Word for word, restate the entries below, but exclude the images.
=== Section Start ===
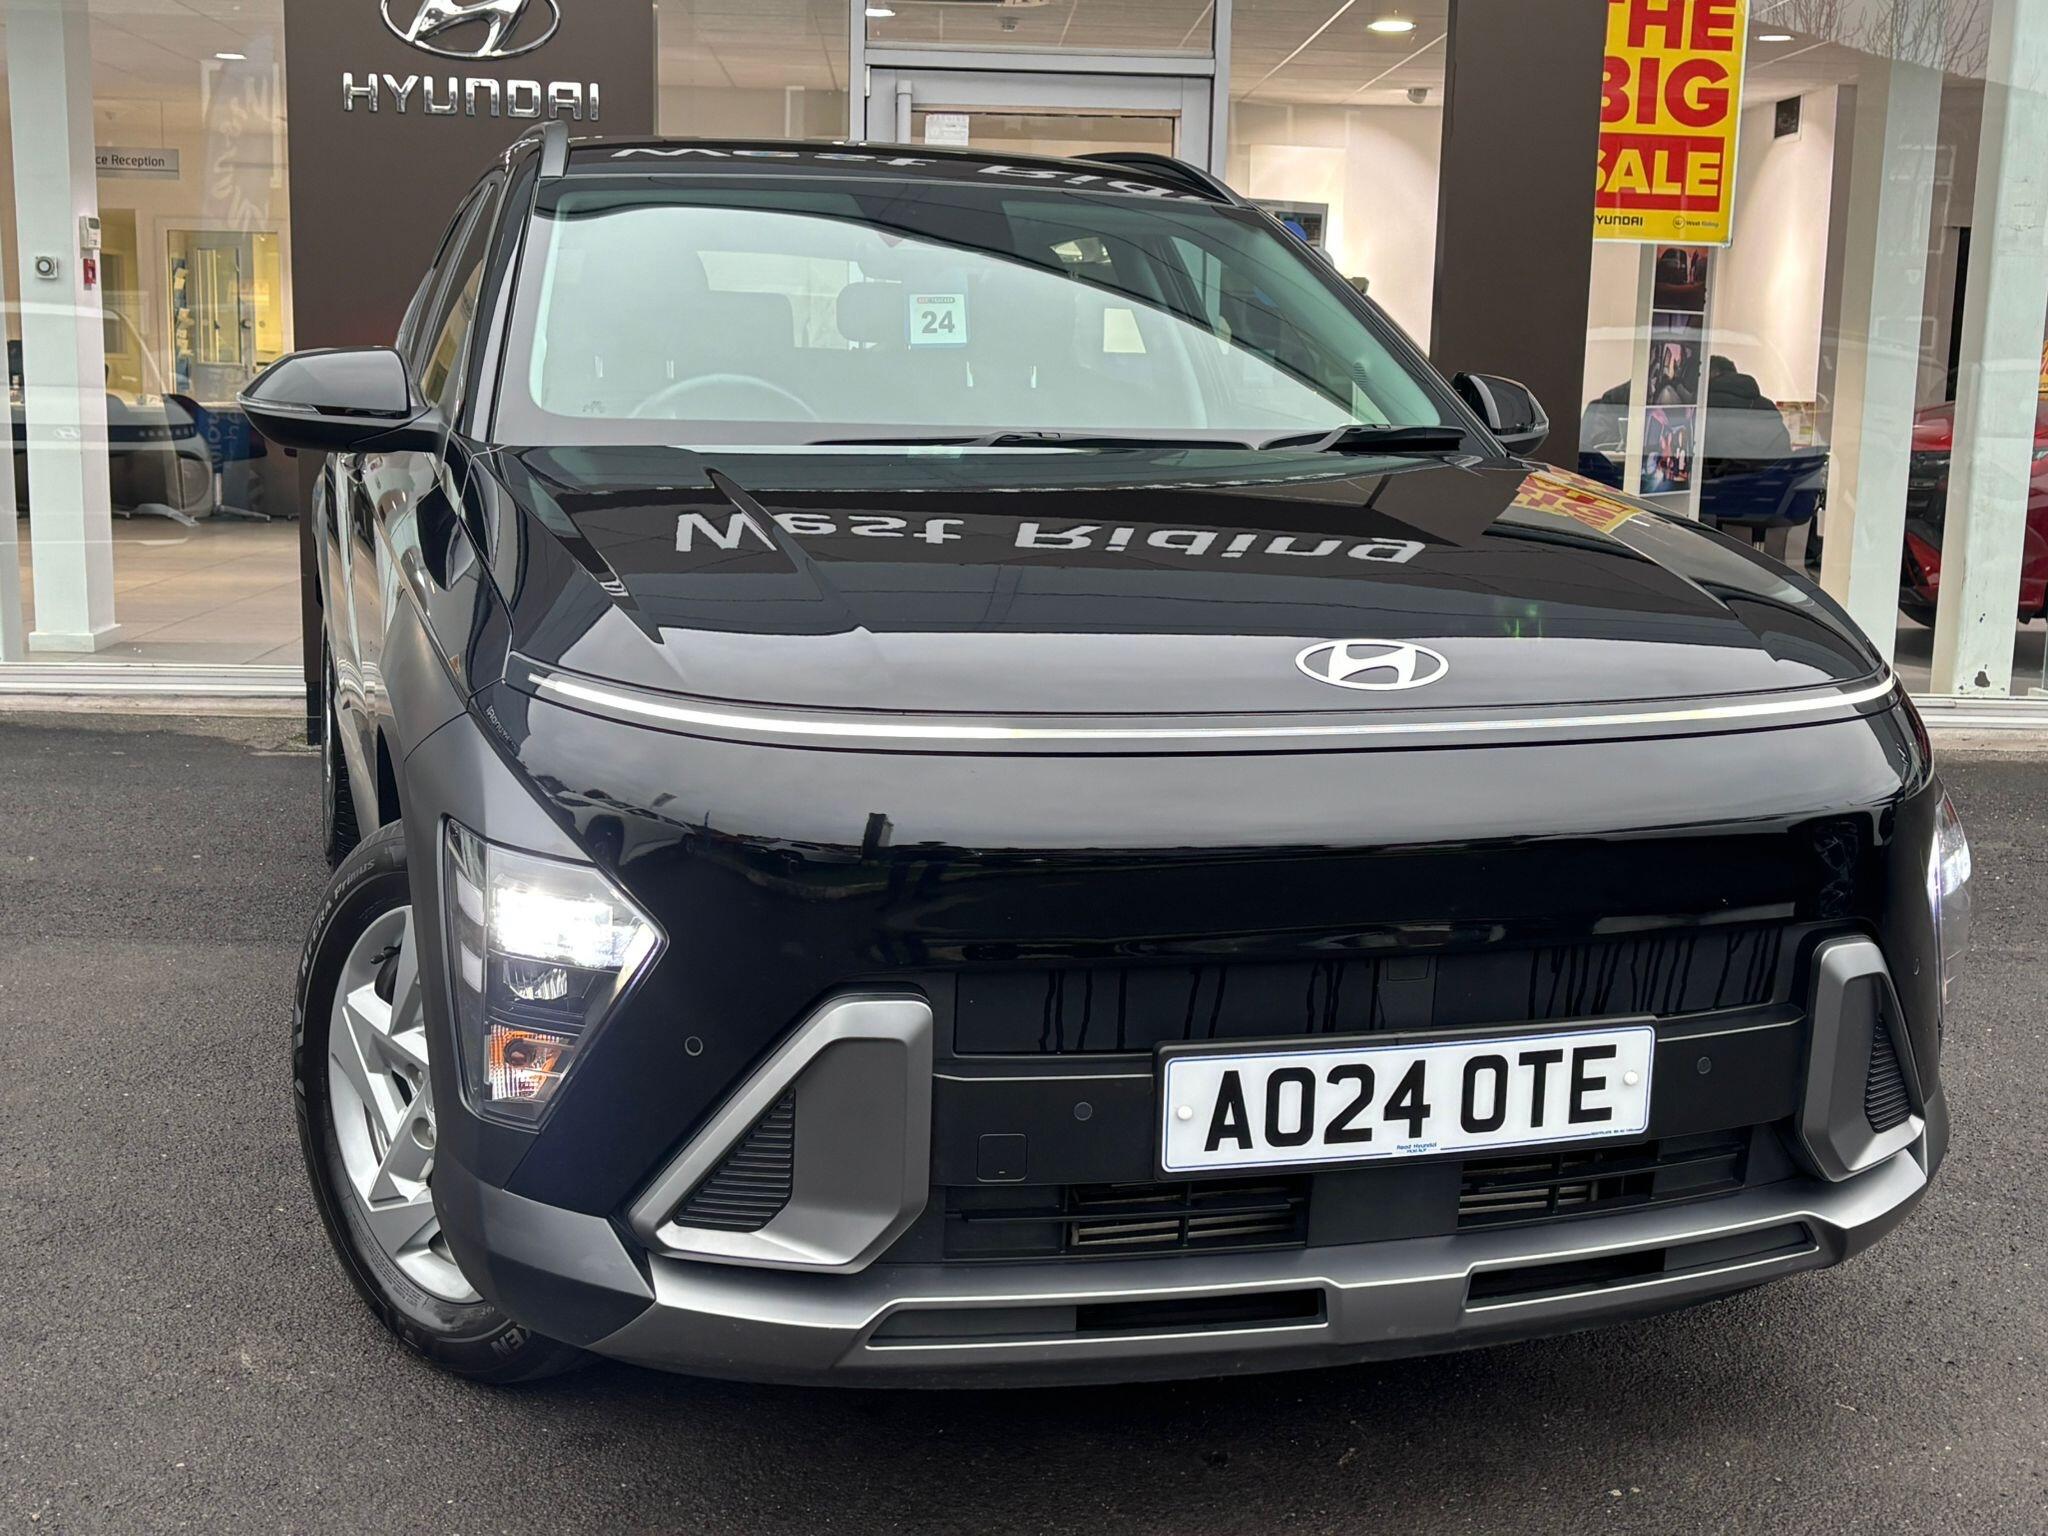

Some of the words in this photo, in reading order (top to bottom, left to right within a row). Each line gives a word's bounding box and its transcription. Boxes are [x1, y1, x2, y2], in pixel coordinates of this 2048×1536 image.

[1609, 0, 1737, 51] HE
[342, 72, 600, 121] HYUNDAI
[111, 154, 166, 168] Reception
[1596, 215, 1644, 227] YUNDAI
[921, 310, 956, 334] 24
[1203, 1059, 1431, 1152] AO24
[1460, 1044, 1617, 1134] OTE
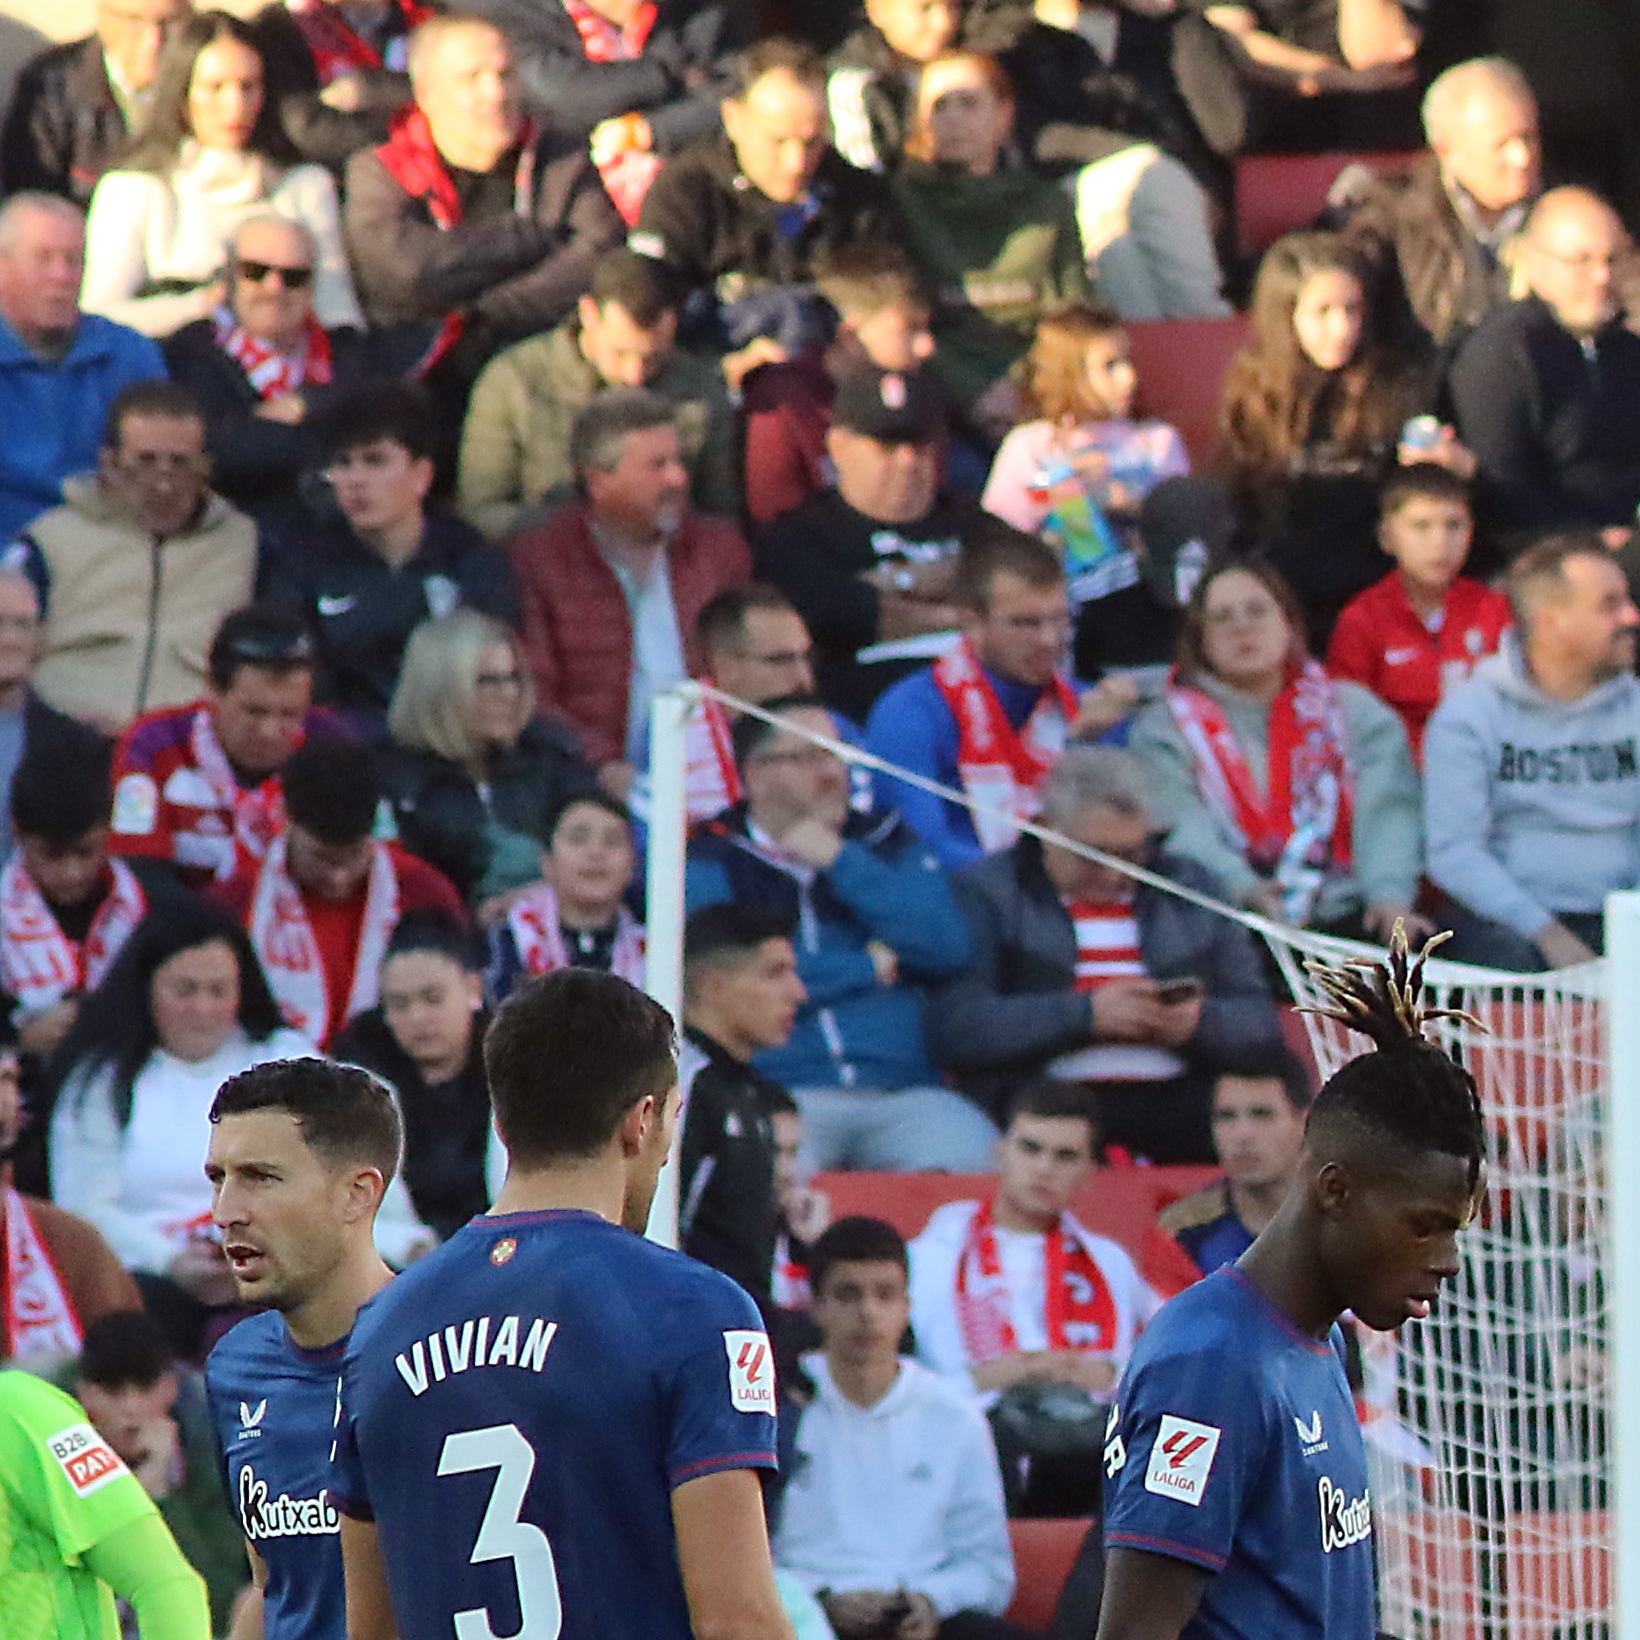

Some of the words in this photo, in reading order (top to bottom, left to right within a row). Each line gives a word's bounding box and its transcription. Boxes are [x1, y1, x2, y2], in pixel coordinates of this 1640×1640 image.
=== Section End ===
Exercise result
Some of the words in this photo, in reading order (top to bottom, left to right within a row). Each line gives a word's bounding box and its transcription. Boxes are [x1, y1, x2, y2], in pixel coordinates of this 2048×1536 image.

[1609, 0, 1737, 51] HE
[342, 72, 600, 121] HYUNDAI
[111, 154, 166, 168] Reception
[1596, 215, 1644, 227] YUNDAI
[921, 310, 956, 334] 24
[1203, 1059, 1431, 1152] AO24
[1460, 1044, 1617, 1134] OTE

Some of the words in this photo, in reading order (top to bottom, left to right within a row). Each line gives a word's bounding box and its transcription. Boxes are [x1, y1, x2, y2], in pixel coordinates of this 1640×1640 image.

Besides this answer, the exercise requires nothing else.